La Iglesia católica argentina aguarda con máxima expectativa una confirmación oficial por parte del Vaticano, luego de que la posibilidad de una histórica visita del papa León XIV al país comenzara a tomar una fuerza inédita tras el anuncio de su próximo viaje a Perú, programado para el mes de noviembre.
A pesar de que todavía se espera la definición formal de la Santa Sede, la Conferencia Episcopal Argentina (CEA) y las autoridades locales ya comenzaron a evaluar de manera preliminar los posibles escenarios y la compleja logística que demandaría el arribo del Sumo Pontífice. Al respecto, el arzobispo de Mendoza y presidente de la CEA, monseñor Marcelo Colombo, se mostró cauteloso pero optimista al expresar que, si bien todavía no ha llegado información oficial, la comunidad eclesiástica mantiene el deseo de contar pronto con una ratificación del destino.
De concretarse el viaje, la llegada de León XIV representaría la primera visita de un Papa a la Argentina en casi cuatro décadas, siendo los históricos recorridos de Juan Pablo II en 1982 y 1987 los últimos antecedentes de un líder de la Iglesia Católica en suelo nacional. Ante la magnitud de la feligresía que se movilizaría, la dirigencia del club River Plate ofreció formalmente el estadio Monumental de Buenos Aires como sede para realizar una celebración multitudinaria.
La propuesta formal fue enviada al Vaticano en diciembre pasado mediante una carta y, aunque todavía no recibió una respuesta formal, se perfila como el escenario principal para el encuentro central con los fieles debido a su capacidad edilicia.
Desde el Episcopado argentino se apresuraron a aclarar que, más allá de las repercusiones lógicas de un evento de este calibre, el viaje tendrá un sentido estrictamente pastoral y de encuentro espiritual con la comunidad católica, descartando cualquier tipo de lectura o especulación política y diplomática. En cuanto al borrador del itinerario, los destinos que se barajan con mayor fuerza son Buenos Aires, Córdoba y la provincia de Santiago del Estero.

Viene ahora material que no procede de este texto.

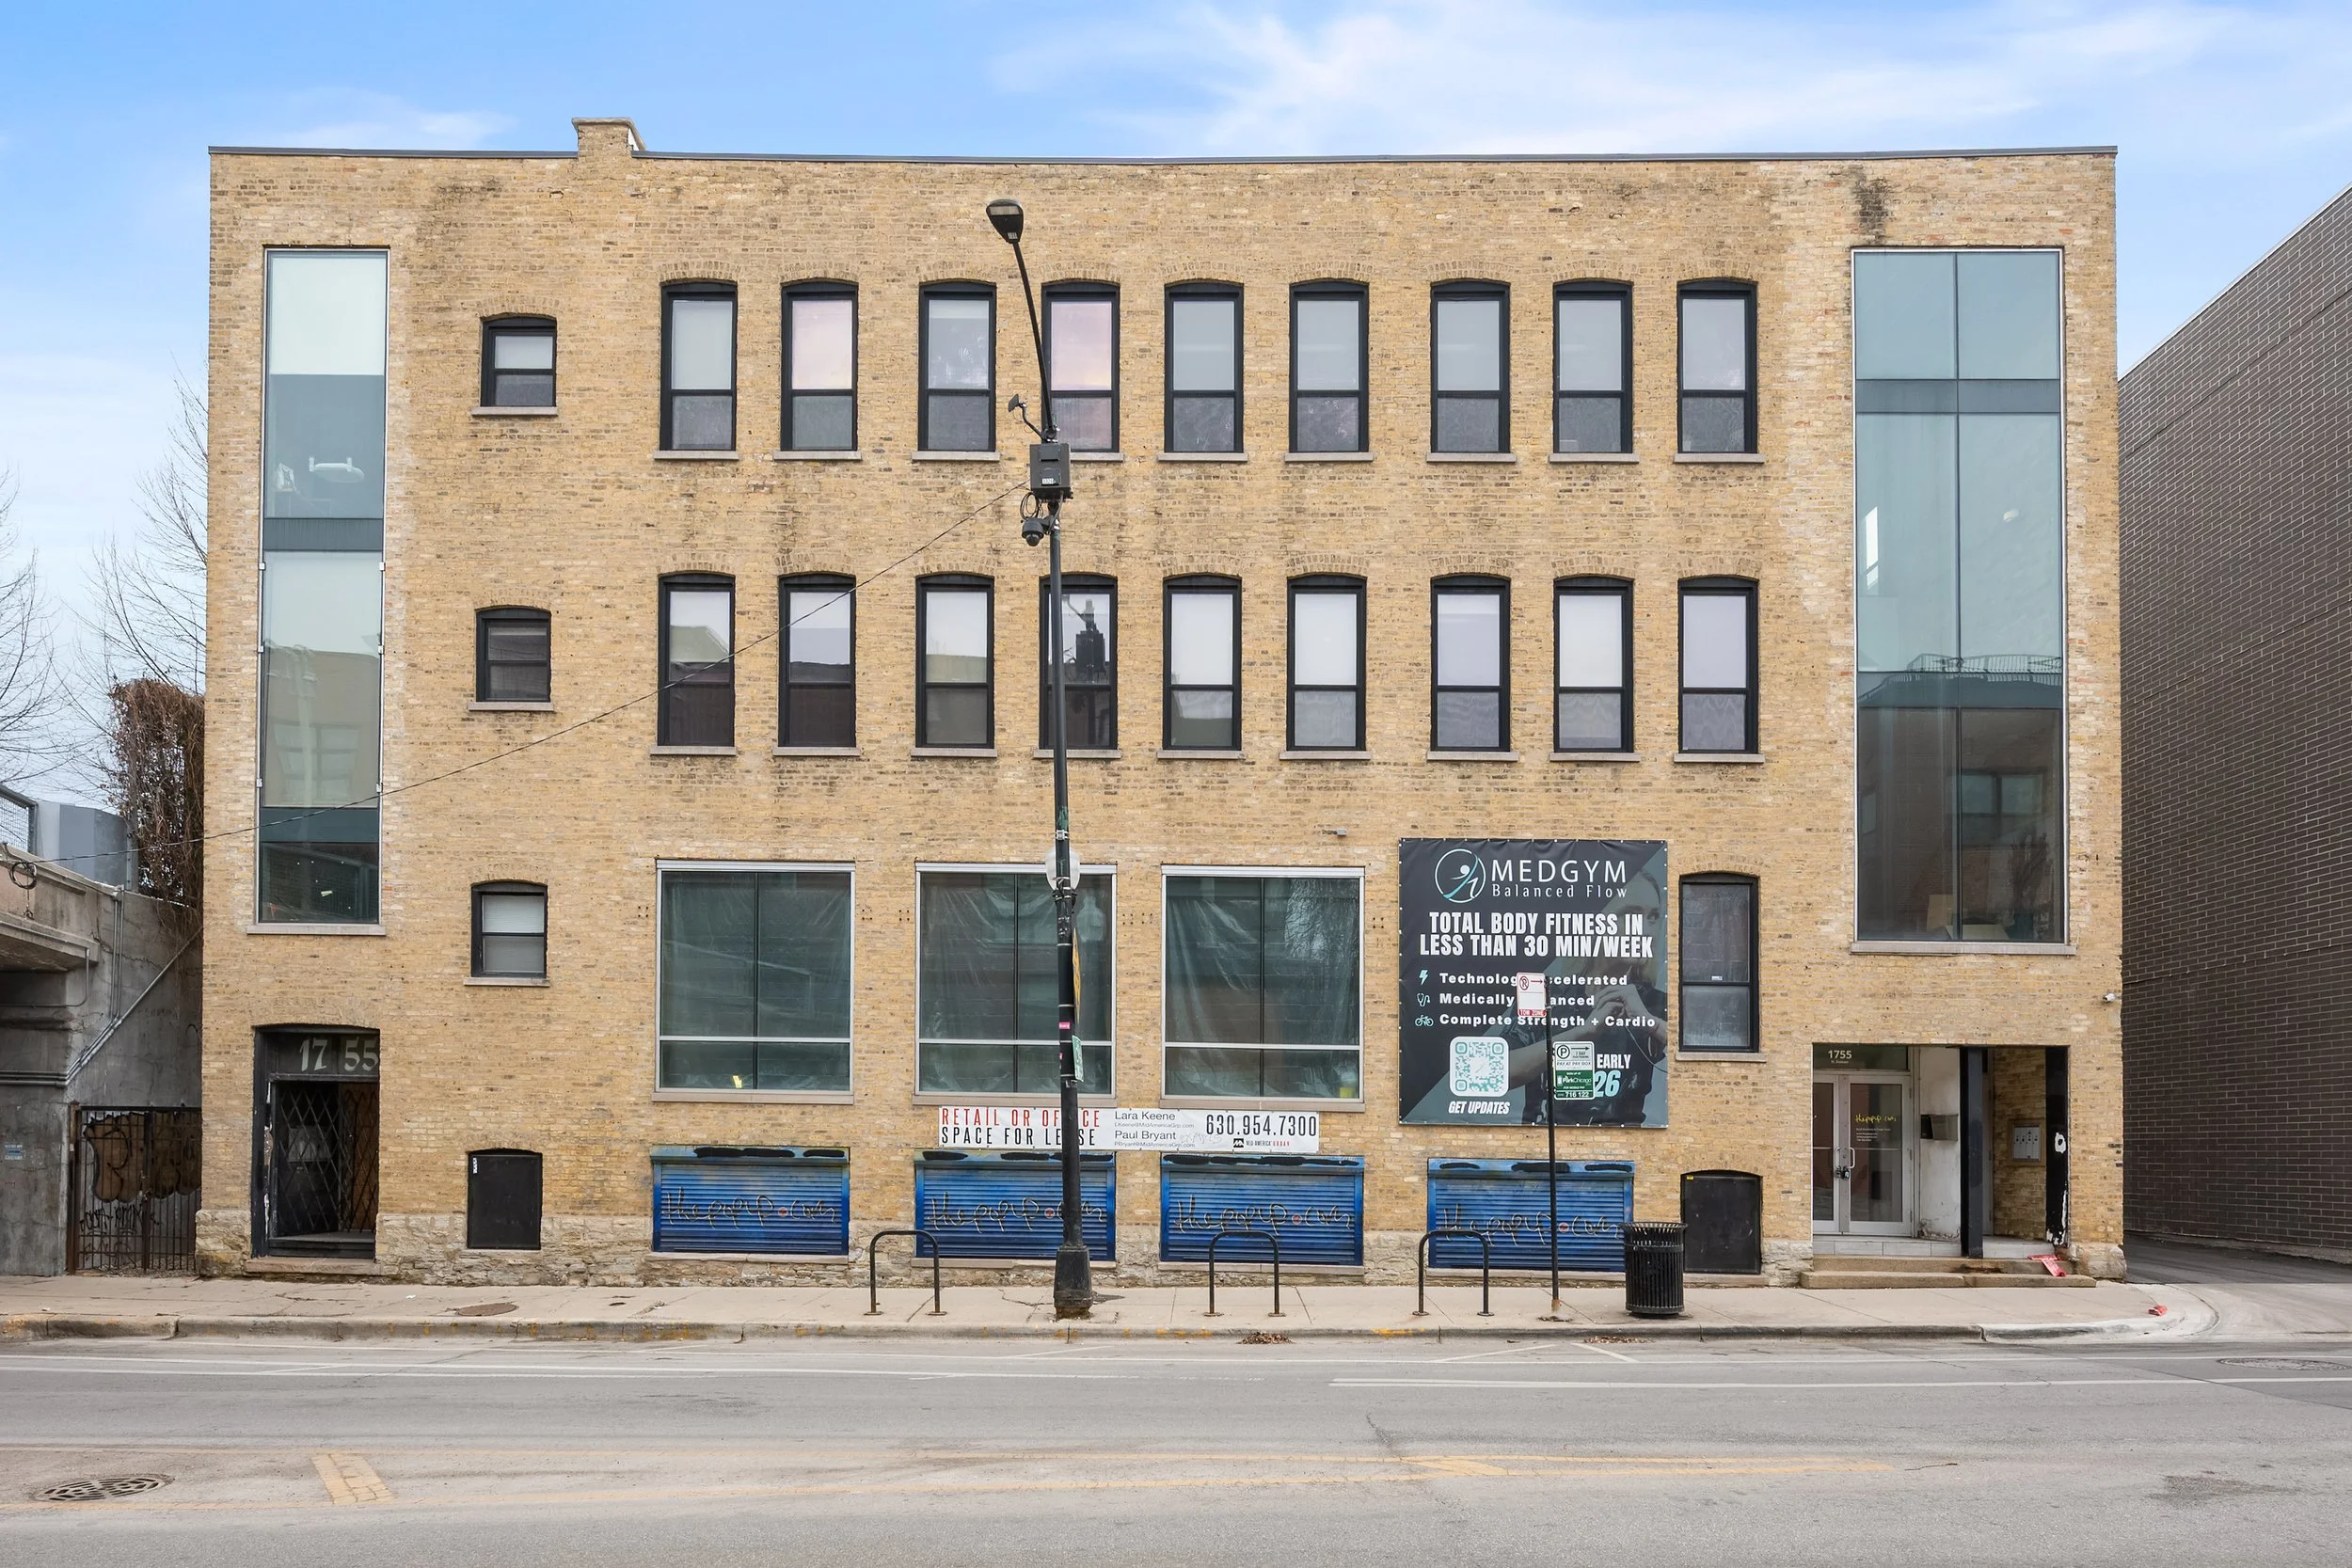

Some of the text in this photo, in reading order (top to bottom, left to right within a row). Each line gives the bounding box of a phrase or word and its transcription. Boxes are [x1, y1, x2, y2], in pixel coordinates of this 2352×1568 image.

La organización definitiva y el diseño de la hoja de ruta comenzarán formalmente una vez que la Santa Sede dé luz verde al viaje. En ese proceso articulado, la Nunciatura Apostólica -la representación diplomática del Vaticano en el país- asumirá un rol central junto al Gobierno nacional, que deberá coordinar los complejos operativos de seguridad y vialidad que corresponden al recibimiento de un jefe de Estado.